Many in the community had heard Guttman’s stories of the hardships he endured from the day Germany invaded Poland in September 1939, when he was 15. He endured years of deprivation in Nazi work camps and was in the Dachau concentration camp at war’s end, amazed to have survived. His ingenuity in saving scraps of food helped his brothers survive in the camps as well.
After the war Guttman met and married, Goldie, and they lived for a short time in Germany before coming to New York in 1950. Guttman co-owned a small supermarket in Riverdale and had a reputation of being friendly and helpful to customers, encouraging them to eat healthy foods.
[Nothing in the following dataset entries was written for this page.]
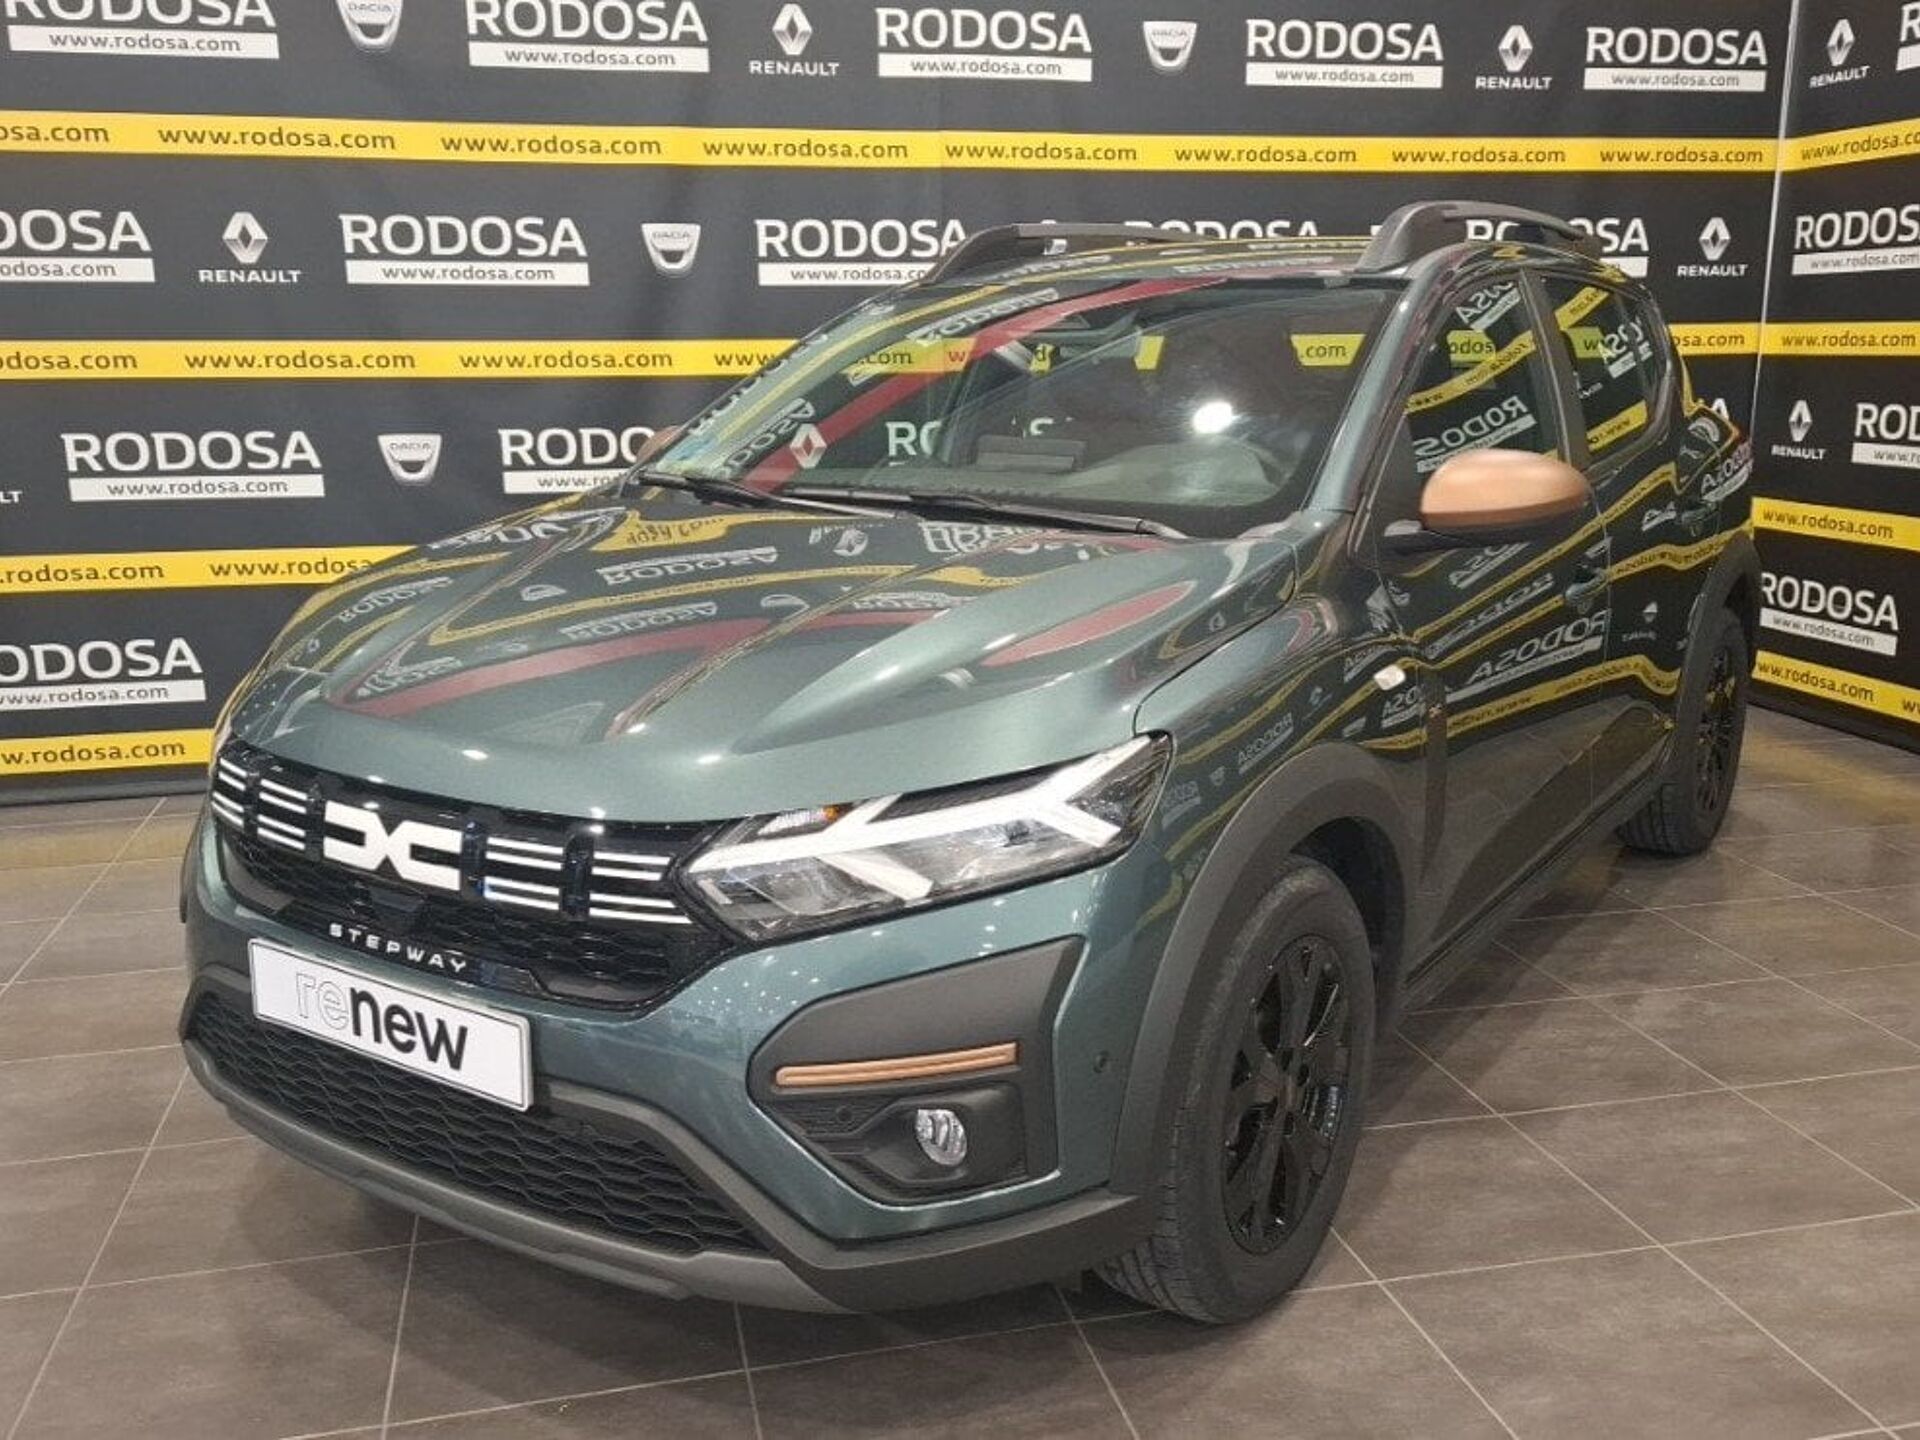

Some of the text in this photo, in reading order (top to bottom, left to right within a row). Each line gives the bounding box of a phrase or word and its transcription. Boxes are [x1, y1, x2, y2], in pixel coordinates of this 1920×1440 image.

[466, 0, 708, 42] RODOSA
[876, 8, 1092, 53] RODOSA
[48, 33, 242, 52] www.rodosa.com
[1245, 18, 1444, 62] RODOSA
[1586, 26, 1767, 66] RODOSA
[504, 48, 676, 66] www.rodosa.com
[910, 58, 1062, 75] www.rodosa.com
[748, 60, 840, 77] RENAULT
[1274, 67, 1415, 83] www.rodosa.com
[1808, 65, 1871, 89] RENAULT
[1475, 76, 1552, 90] RENAULT
[1611, 71, 1740, 87] www.rodosa.com
[158, 125, 396, 150] www.rodosa.com
[440, 133, 662, 155] www.rodosa.com
[703, 138, 908, 159] www.rodosa.com
[945, 141, 1137, 161] www.rodosa.com
[1173, 145, 1357, 163] www.rodosa.com
[1392, 146, 1566, 163] www.rodosa.com
[1600, 147, 1763, 163] www.rodosa.com
[338, 213, 589, 258] RODOSA
[754, 218, 967, 259] RODOSA
[198, 269, 302, 284] RENAULT
[381, 264, 556, 281] www.rodosa.com
[1676, 263, 1749, 278] RENAULT
[1781, 330, 1916, 348] www.rodosa.com
[185, 350, 415, 369] www.rodosa.com
[459, 350, 674, 369] www.rodosa.com
[61, 430, 322, 472] RODOSA
[1771, 444, 1827, 461] RENAULT
[106, 478, 289, 496] www.rodosa.com
[1762, 509, 1894, 539] www.rodosa.com
[1761, 572, 1899, 631] RODOSA
[1772, 614, 1876, 647] www.rodosa.com
[328, 922, 468, 974] STEPWAY
[295, 971, 469, 1072] renew
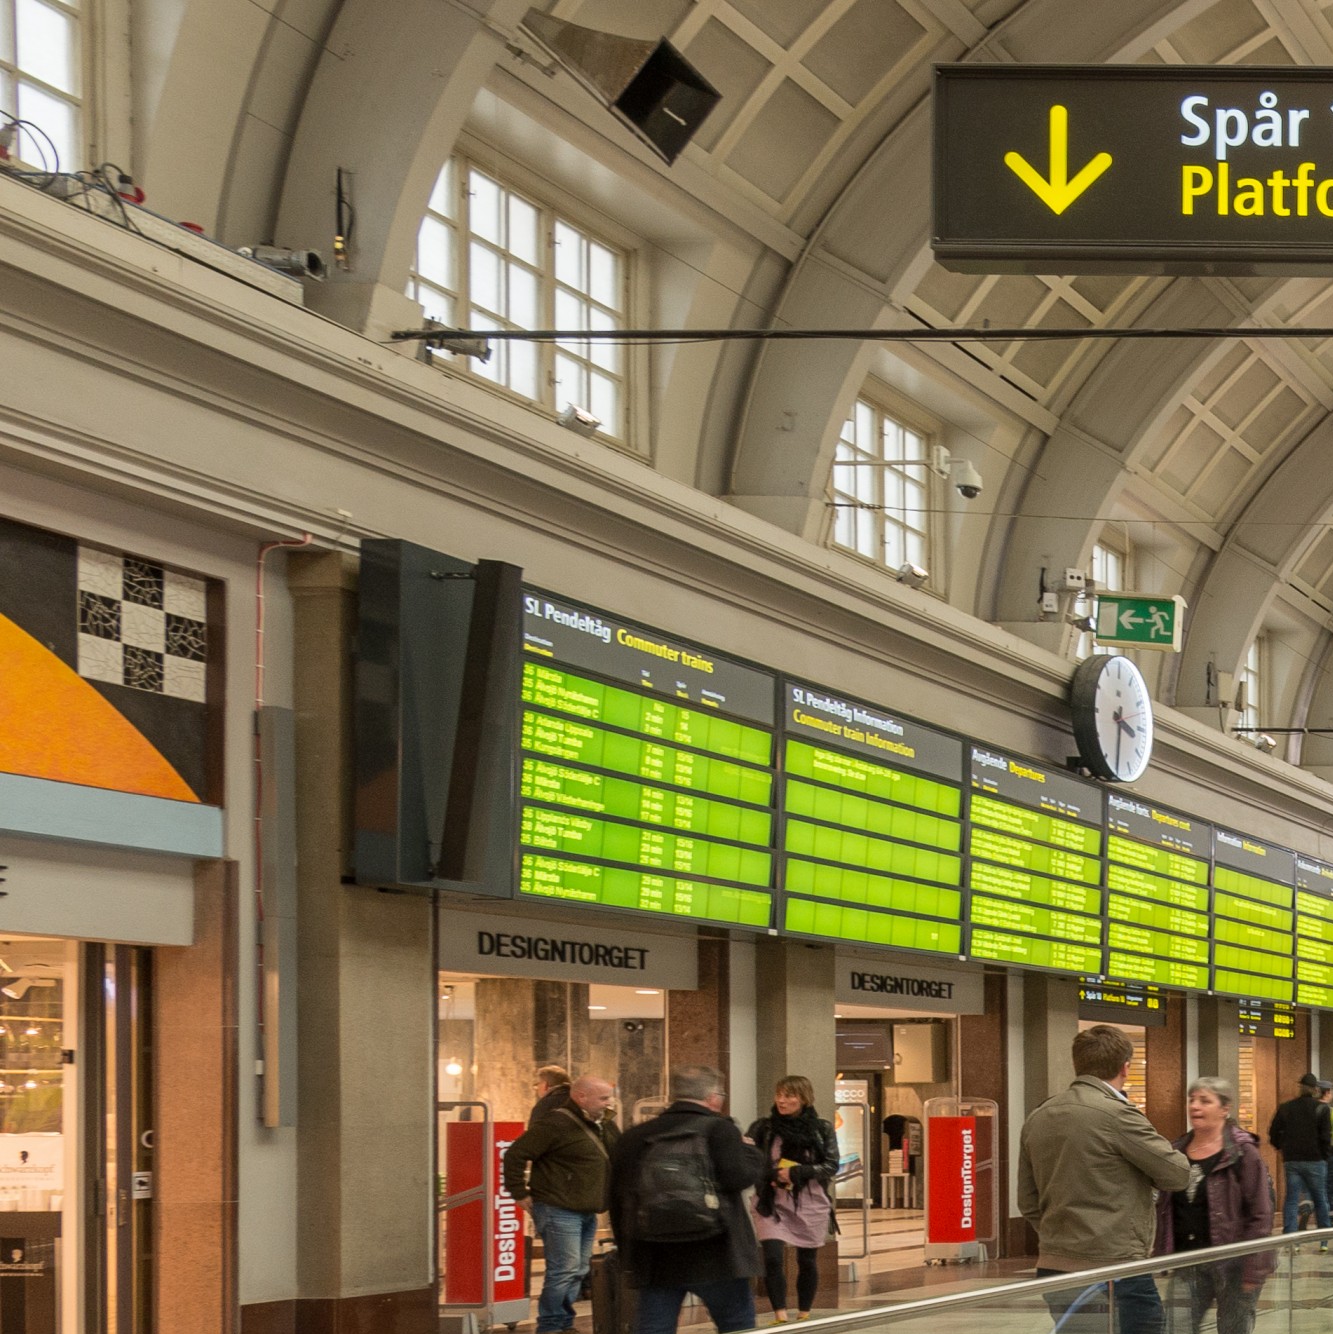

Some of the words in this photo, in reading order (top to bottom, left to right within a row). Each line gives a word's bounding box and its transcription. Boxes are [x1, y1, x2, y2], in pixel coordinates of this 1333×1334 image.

[1181, 92, 1310, 160] Spår
[524, 597, 543, 617] SL
[545, 603, 612, 643] Pendeltåg
[616, 628, 679, 663] Commuter
[682, 652, 714, 674] trains
[793, 688, 806, 703] SL
[807, 692, 853, 722] Pendeltåg
[793, 709, 842, 736] Commuter
[843, 723, 865, 744] train
[477, 931, 650, 970] DESIGNTORGET
[850, 970, 955, 1000] DESIGNTORGET
[834, 1089, 865, 1098] ecco
[961, 1129, 973, 1229] DesignTorget
[494, 1139, 519, 1282] DesignTot
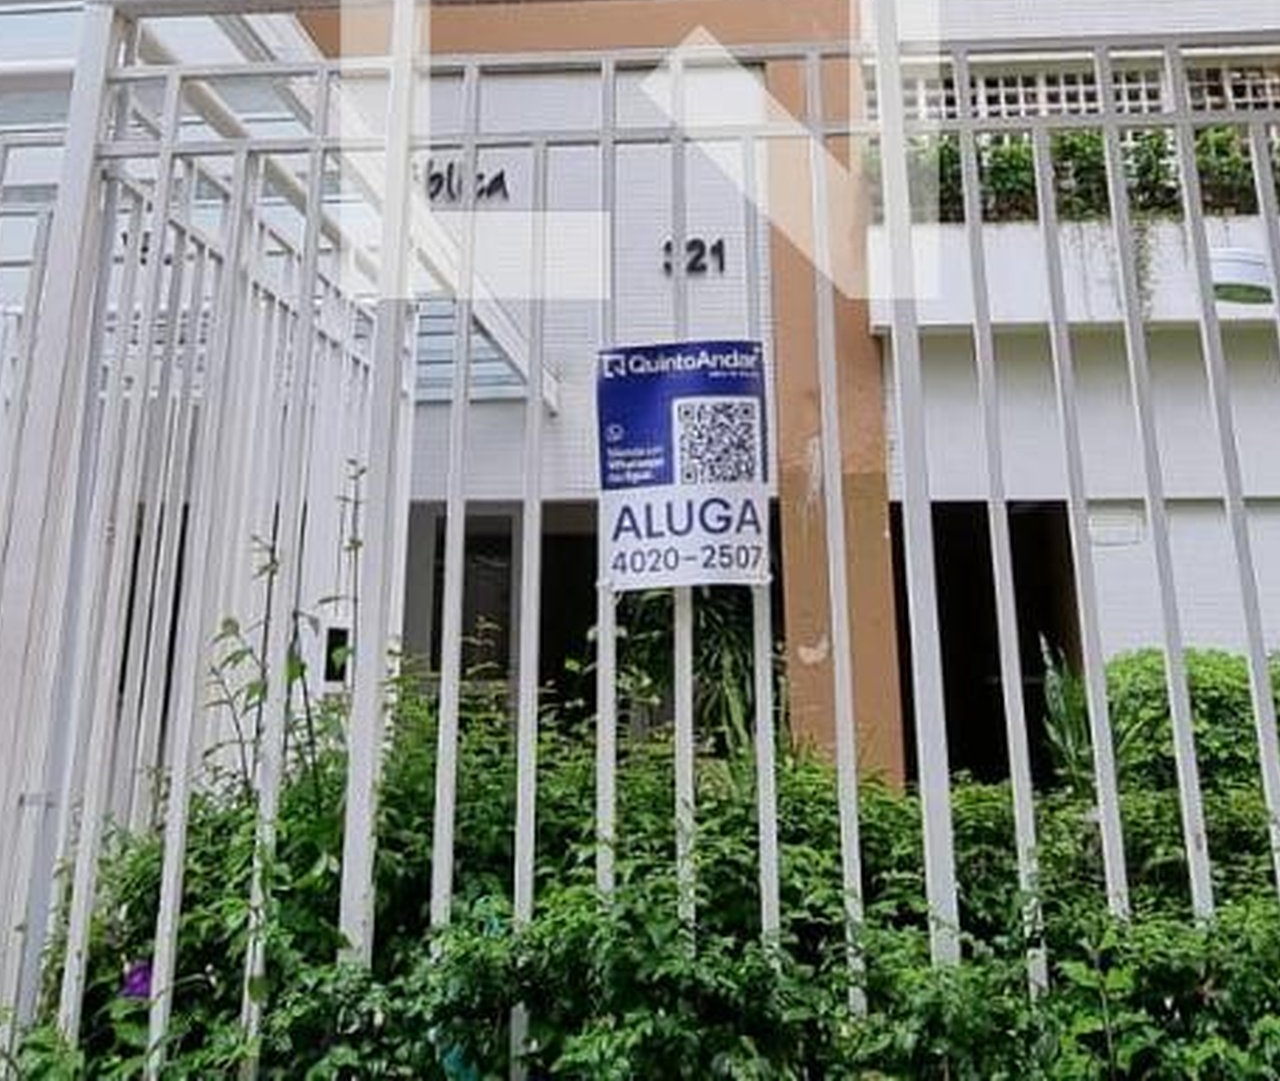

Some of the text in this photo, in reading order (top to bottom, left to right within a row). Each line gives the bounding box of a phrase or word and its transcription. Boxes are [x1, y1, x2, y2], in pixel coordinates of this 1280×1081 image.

[629, 350, 757, 374] QuintoAndar
[612, 498, 761, 542] ALUGA
[612, 545, 762, 574] 4020-2507
He was a link to the past at HIR, where he was active from its earliest days, and had great admiration for Rabbi Avi Weiss, the founding rabbi, and all of the clergy. Though the product of an Orthodox shtetl, Guttman was supportive of the synagogue’s inclusiveness and efforts toward gender equality.
On a Friday morning in late May, recuperating from a long hospitalization and still seriously ill, Guttman told his devoted caretaker, Annabelle Julian, that he wanted to attend Friday night services that evening to mark his 94th birthday.
“Though he could hardly stand, somehow he made it to shul,” Lewis Bernstein recalled, and when he walked into the sanctuary during the singing of L’cha Dodi, he was greeted with great joy by the congregation, who danced with him.
It was a memorable moment, congregants said, and his last time in shul.